4. Constituindo, porém, a tuberculose um verdadeiro problema nacional, importa, no interesse da própria saúde pública, que os beneficiários por ela atacados colaborem activamente na cura, mediante completa aceitação do tratamento adequado. Preconiza-se por isso a perda do direito ao subsídio perante a recusa injustificada do tratamento, estabelecendo-se para os serviços do Instituto de Assistência Nacional aos Tuberculosos, a quem cabe a assistência médica aos beneficiários doentes, a obrigação de comunicar todos os casos de inobservância do tratamento às respectivas caixas de previdência.

Contribuindo o conjunto das medidas adoptadas para o aperfeiçoamento dos esquemas da Previdência Social, alcançam-se também por seu intermédio as soluções que em matéria de protecção na tuberculose melhor acautelam os interesses gerais e os dos trabalhadores abrangidos pelas caixas de previdência.

Nestes termos:
Usando da faculdade conferida pelo n.º 3.º do artigo 109.º da Constituição, o Governo decreta e eu promulgo o seguinte:

Artigo único. O artigo 52.º do Regulamento aprovado pelo Decreto n.º 45266 , de 23 de Setembro de 1963, passa a ter a seguinte redacção:

Art. 52.º - 1. O subsídio pecuniário na tuberculose será concedido aos beneficiários activos enquanto durar o impedimento para o trabalho, nas seguintes percentagens de salários calculados nos termos do artigo 48.º:

a) Em tratamento domiciliário ou ambulatório, 80 por cento;
b) Em internamento, 80 por cento, podendo atingir 100 por cento se os beneficiários tiverem encargos de família, os quais serão averiguados mediante inquérito do serviço social das respectivas caixas de previdência;

c) Em internamento não subsidiado pela caixa, 80 por cento.
2. Em tratamento ambulatório ou internamento, a concessão de medicamentos será gratuita, sendo o respectivo custo incluído no valor das diárias, desde que sejam facultados directamente pelo Instituto de Assistência Nacional aos Tuberculosos ao abrigo do acordo celebrado entre a Federação das Caixas de Previdência e Abono de Família e aquele Instituto.
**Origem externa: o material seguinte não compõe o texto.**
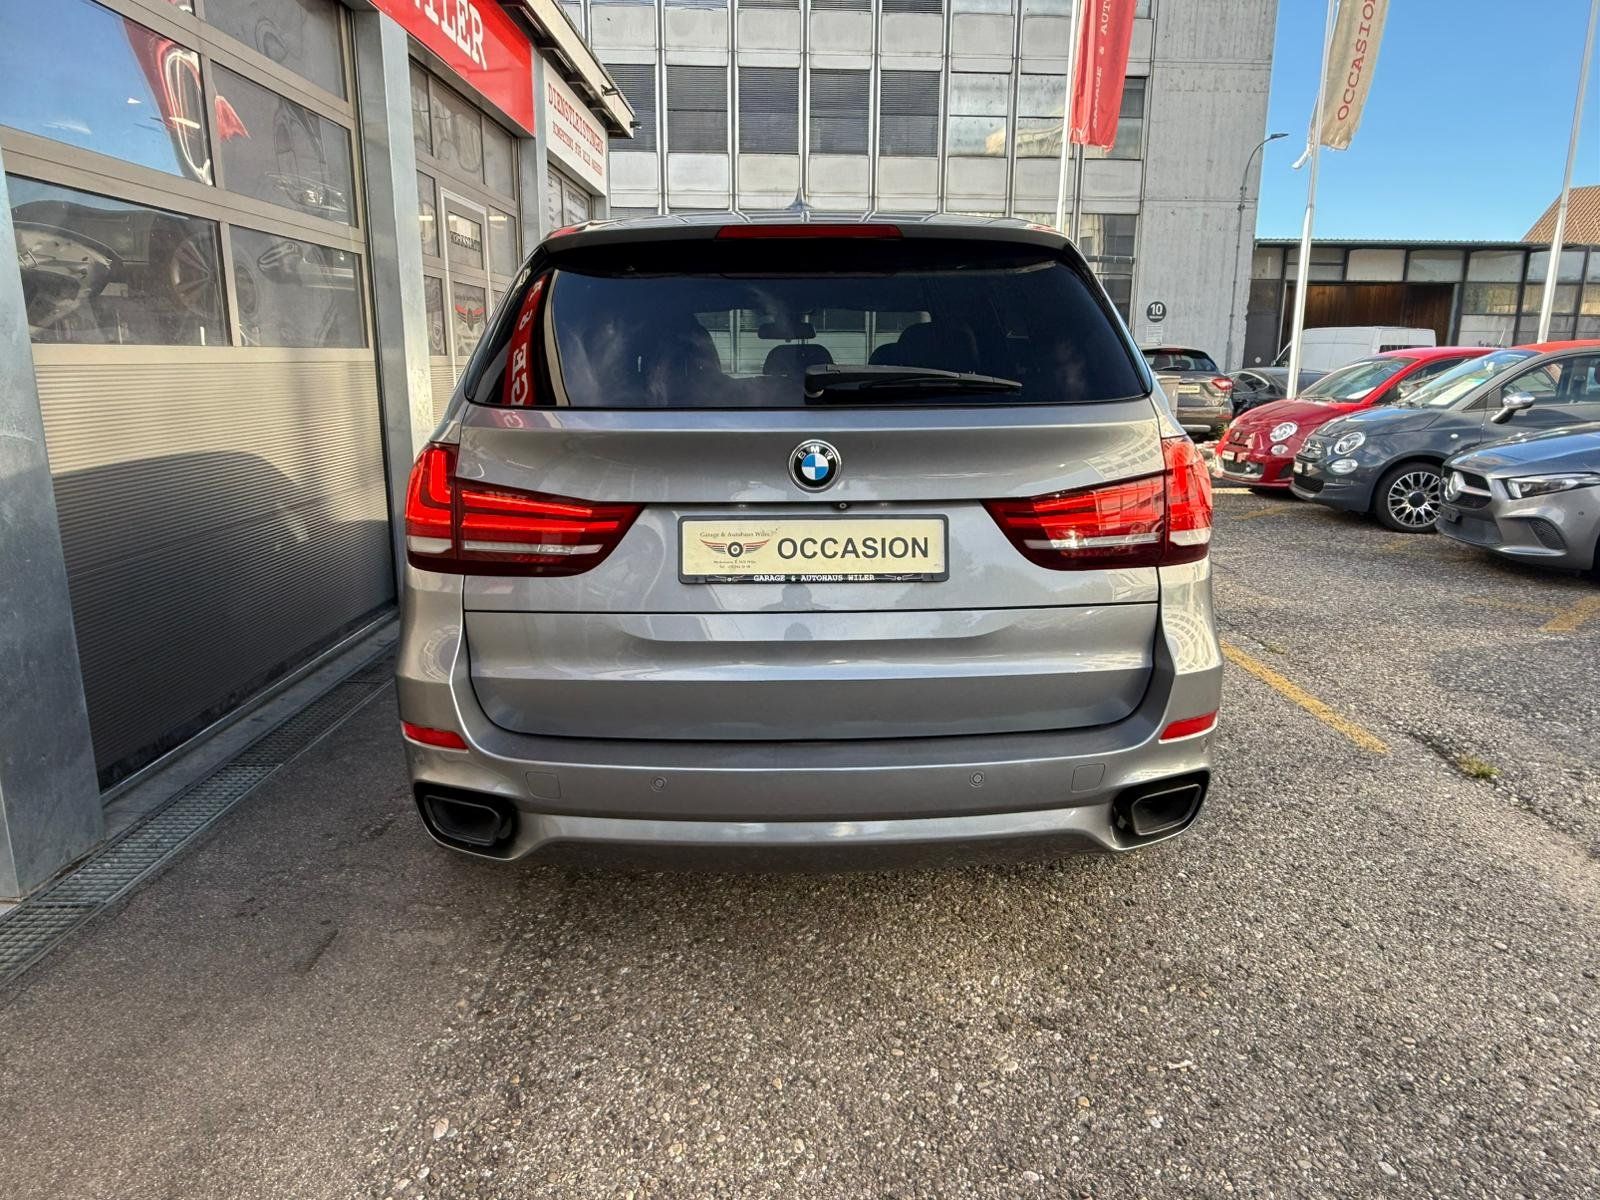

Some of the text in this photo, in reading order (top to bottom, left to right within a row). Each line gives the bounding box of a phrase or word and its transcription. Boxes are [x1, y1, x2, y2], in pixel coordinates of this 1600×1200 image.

3. Em caso de falta de cumprimento das prescrições médicas por parte dos beneficiários ou familiares, é aplicável o disposto no n.º 3 do artigo 179.º, devendo os serviços competentes do Instituto de Assistência Nacional aos Tuberculosos fazer a devida e oportuna participação desse facto às caixas de previdência onde os beneficiários se encontrem inscritos.

Marcello Caetano - Baltasar Leite Rebelo de Sousa - Joaquim Dias da Silva Pinto - Francisco Gonçalves Ferreira.

Promulgado em 27 de Maio de 1970.
Publique-se.
Presidência da República, 11 de Junho de 1970. - AMÉRICO DEUS RODRIGUES THOMAZ.